SoftBank’s investment prowess is clear, but is reinsurance a natural fit for a company like this?

It could be. Swiss Re, being one of the largest companies, has global reach, a diversified underwriting platform and is already undergoing efforts to modernise and embrace technology to put it at the core of its business.

However Swiss Re is still largely a reinsurer and corporate insurer, not a personal lines insurer. But it is a risk capacity provider at scale, which combined with SoftBank makes this a particularly compelling potential tie-up.

Of course reinsurance and insurance offers the promise of investment float, the accumulated premium float that some players choose to put to work in large investment bets.

Swiss Re is relatively conservative with its investment portfolio, but the diversification and access to new investment deals that SoftBank could bring may be attractive.

SoftBank may be looking for that kind of free float to boost its already massive investment ability, but this deal is likely about more than turning Swiss Re into a total return reinsurer, or SoftBank into Berkshire Hathaway.

SoftBank and the companies it owns or invests in could provide both a distribution front-end and a middle-ware that Swiss Re currently lacks, which matched with a major reinsurance balance-sheet and perhaps also capital markets risk capital support, would be extremely interesting at scale.

By taking the risk capital from Swiss Re direct to its customers, through its own companies, or investment companies, SoftBank could massively increase Swiss Re’s reach and also bring it personal lines risk pools that its capital can back (or reinsure).

This kind of distribution partnership would be transformational, allowing Swiss Re to concentrate on underwriting the risk pools, while SoftBank and its many tentacles source large commercial risk and personal risk, which can be pooled, analysed and dealt with by the most appropriate reinsurance capital (Swiss Re’s or someone else’s).

A distribution front-end from SoftBank could massively scale Swiss Re’s access to risk, while a middle-ware layer provided by technology firms under the SoftBank conglomerate banner could create advanced tools for analysing, pooling, managing and transferring risk to the balance-sheet or most appropriate capital.

Of course, transformation takes time and Swiss Re is a 150 year old company that sits in an industry still driven by business practices from decades ago. So change would not be that rapid, should a deal get agreed, but the potential is clear.
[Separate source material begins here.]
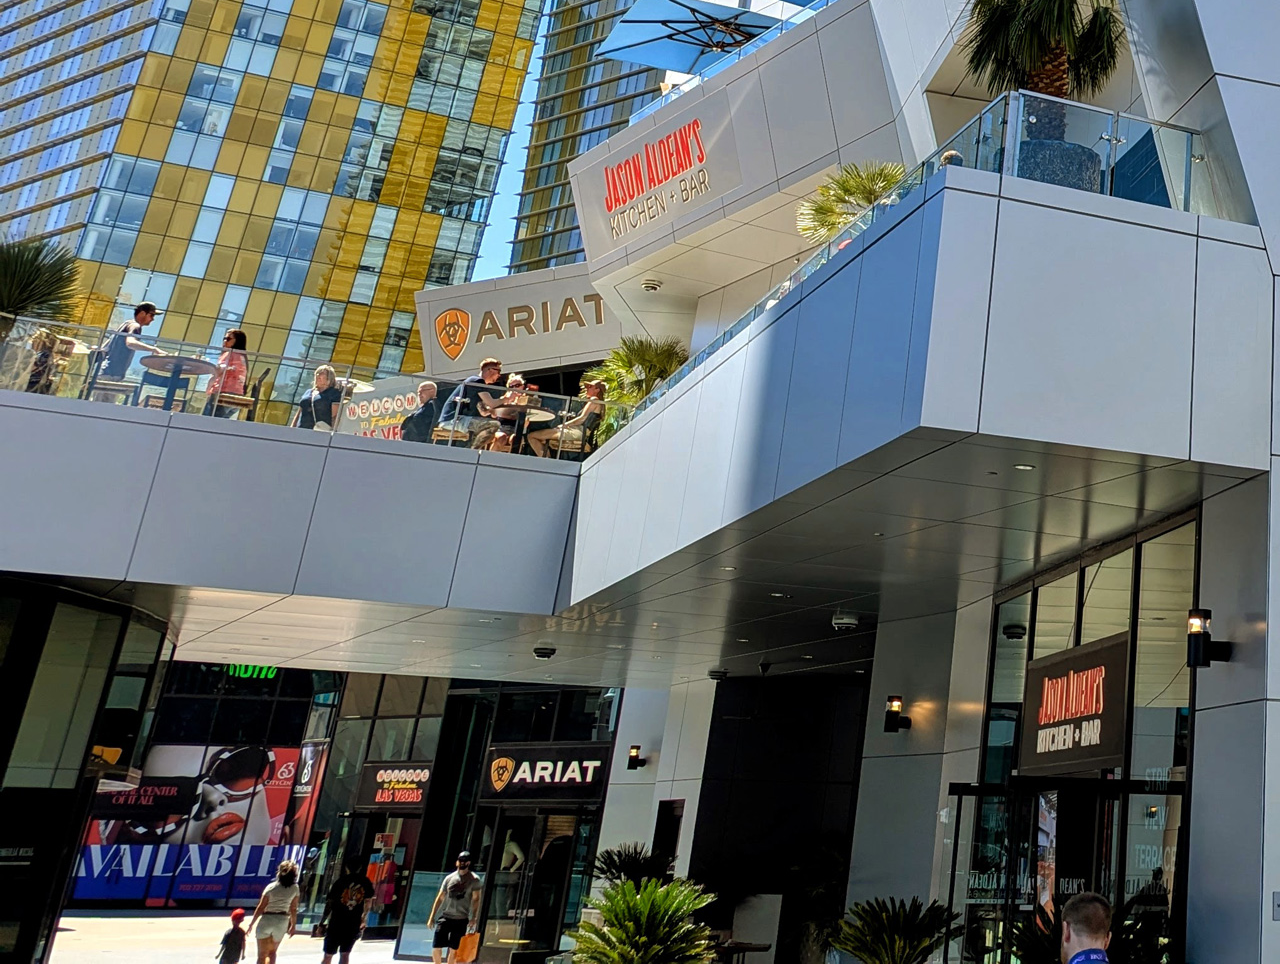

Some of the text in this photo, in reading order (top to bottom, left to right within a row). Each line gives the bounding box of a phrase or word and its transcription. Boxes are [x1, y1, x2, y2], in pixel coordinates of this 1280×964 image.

It’s said that an investment from SoftBank would not change the status of Swiss Re as a public company, nor its AA credit rating, despite SoftBank being rated at junk levels.

With the rise of insurtech, alternative capital and the challenges faced in reinsurance markets over the last five years or more, it is no surprise to see such deals being discussed.

Execution would be everything, as deals like this could be either truly transformational or very difficult to consummate.

After AIG and Validus it’s clear M&A and scale is back on everybody’s minds. The Swiss Re SoftBank discussions certainly confirm this.